- [Prompt]: Write the records out again, unchanged.

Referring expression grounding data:
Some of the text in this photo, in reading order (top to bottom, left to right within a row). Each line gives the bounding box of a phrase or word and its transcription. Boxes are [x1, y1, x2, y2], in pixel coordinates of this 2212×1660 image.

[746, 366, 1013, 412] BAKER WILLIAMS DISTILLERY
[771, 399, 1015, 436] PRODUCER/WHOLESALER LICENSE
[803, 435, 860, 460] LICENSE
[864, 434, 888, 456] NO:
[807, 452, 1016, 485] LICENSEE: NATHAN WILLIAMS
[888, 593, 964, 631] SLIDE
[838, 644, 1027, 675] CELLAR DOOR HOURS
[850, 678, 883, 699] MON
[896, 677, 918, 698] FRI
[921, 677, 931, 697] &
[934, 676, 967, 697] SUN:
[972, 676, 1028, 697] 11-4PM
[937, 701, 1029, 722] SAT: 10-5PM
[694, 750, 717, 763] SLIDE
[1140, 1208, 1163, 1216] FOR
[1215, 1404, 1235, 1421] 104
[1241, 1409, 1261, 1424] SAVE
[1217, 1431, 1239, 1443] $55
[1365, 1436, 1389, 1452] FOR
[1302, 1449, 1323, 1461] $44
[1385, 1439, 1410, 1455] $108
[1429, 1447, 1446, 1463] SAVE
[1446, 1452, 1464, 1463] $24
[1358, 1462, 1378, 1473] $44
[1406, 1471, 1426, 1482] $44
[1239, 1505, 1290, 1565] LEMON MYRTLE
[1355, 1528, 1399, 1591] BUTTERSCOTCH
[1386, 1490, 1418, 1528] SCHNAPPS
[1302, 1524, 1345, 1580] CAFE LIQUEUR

- [Your solution]:
Some of the text in this photo, in reading order (top to bottom, left to right within a row). Each line gives the bounding box of a phrase or word and its transcription. Boxes are [x1, y1, x2, y2], in pixel coordinates of this 2212×1660 image.

[746, 366, 1013, 412] BAKER WILLIAMS DISTILLERY
[771, 399, 1015, 436] PRODUCER/WHOLESALER LICENSE
[803, 435, 860, 460] LICENSE
[864, 434, 888, 456] NO:
[807, 452, 1016, 485] LICENSEE: NATHAN WILLIAMS
[888, 593, 964, 631] SLIDE
[838, 644, 1027, 675] CELLAR DOOR HOURS
[850, 678, 883, 699] MON
[896, 677, 918, 698] FRI
[921, 677, 931, 697] &
[934, 676, 967, 697] SUN:
[972, 676, 1028, 697] 11-4PM
[937, 701, 1029, 722] SAT: 10-5PM
[694, 750, 717, 763] SLIDE
[1140, 1208, 1163, 1216] FOR
[1215, 1404, 1235, 1421] 104
[1241, 1409, 1261, 1424] SAVE
[1217, 1431, 1239, 1443] $55
[1365, 1436, 1389, 1452] FOR
[1302, 1449, 1323, 1461] $44
[1385, 1439, 1410, 1455] $108
[1429, 1447, 1446, 1463] SAVE
[1446, 1452, 1464, 1463] $24
[1358, 1462, 1378, 1473] $44
[1406, 1471, 1426, 1482] $44
[1239, 1505, 1290, 1565] LEMON MYRTLE
[1355, 1528, 1399, 1591] BUTTERSCOTCH
[1386, 1490, 1418, 1528] SCHNAPPS
[1302, 1524, 1345, 1580] CAFE LIQUEUR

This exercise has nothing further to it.